49 LPA-VD et art. 4 al. 4 du Tarif du 28 avril 2015 des frais judiciaires et des

dépens en matière administrative [TFJDA; BLV 173.36.5.1]). Le recourant, qui

obtient partiellement gain de cause, a droit à une indemnité réduite à titre de

dépens, qui sera mise à la charge de la Commune de Lausanne (art. 55 LPA-VD).

Par ces motifs

la Cour de droit administratif et public

du Tribunal cantonal

arrête:

Faits

I.

Le recours est partiellement admis.

Considérants

II.

La décision du 9 septembre 2021 de la Municipalité de Lausanne est réformée

en ce sens que le droit au traitement du recourant est provisoirement maintenu.

III.

Il n'est pas perçu d'émolument.

IV.

La Commune de Lausanne versera à A.________ une indemnité de 1'000

(mille) francs à titre de dépens.

Lausanne, le 9 novembre 2021

Le

président:

Le présent arrêt est communiqué aux destinataires de

l'avis d'envoi ci-joint.

Il peut faire l'objet, dans les trente jours suivant sa

notification, d'un recours au Tribunal fédéral (Tribunal fédéral suisse, 1000

Lausanne 14).

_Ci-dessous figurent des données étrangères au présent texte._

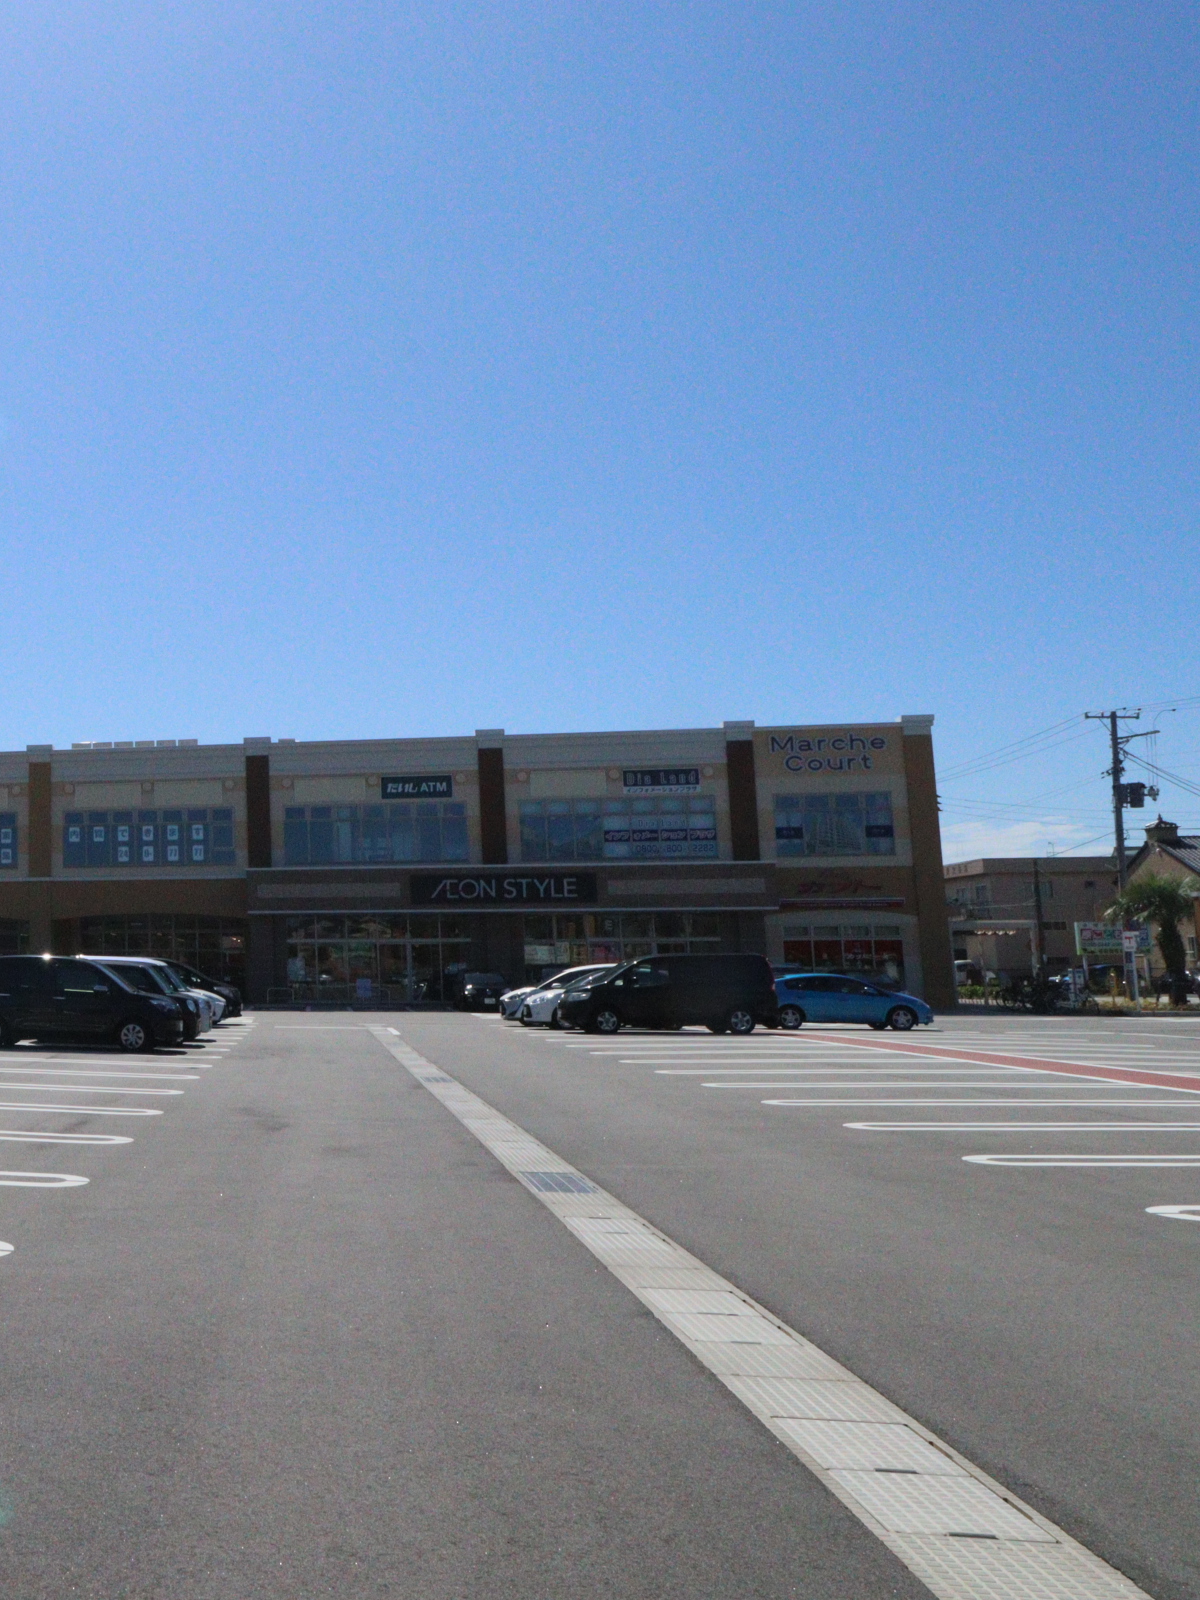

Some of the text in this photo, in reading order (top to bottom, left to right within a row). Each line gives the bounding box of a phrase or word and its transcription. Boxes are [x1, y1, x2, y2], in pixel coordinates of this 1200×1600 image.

[770, 733, 886, 753] Marche
[785, 754, 871, 772] Court
[420, 781, 447, 792] ATM
[660, 770, 697, 785] Land
[503, 877, 578, 899] STYLE

Le recours en matière de droit public s'exerce aux conditions des

articles 82 ss de la loi du 17 juin 2005 sur le Tribunal fédéral (LTF - RS 173.110),

le recours constitutionnel subsidiaire à celles des articles 113 ss LTF. Le

mémoire de recours doit être rédigé dans une langue officielle, indiquer les

conclusions, les motifs et les moyens de preuve, et être signé. Les motifs

doivent exposer succinctement en quoi l’acte attaqué viole le droit. Les pièces

invoquées comme moyens de preuve doivent être jointes au mémoire, pour autant

qu’elles soient en mains de la partie; il en va de même de la décision attaquée.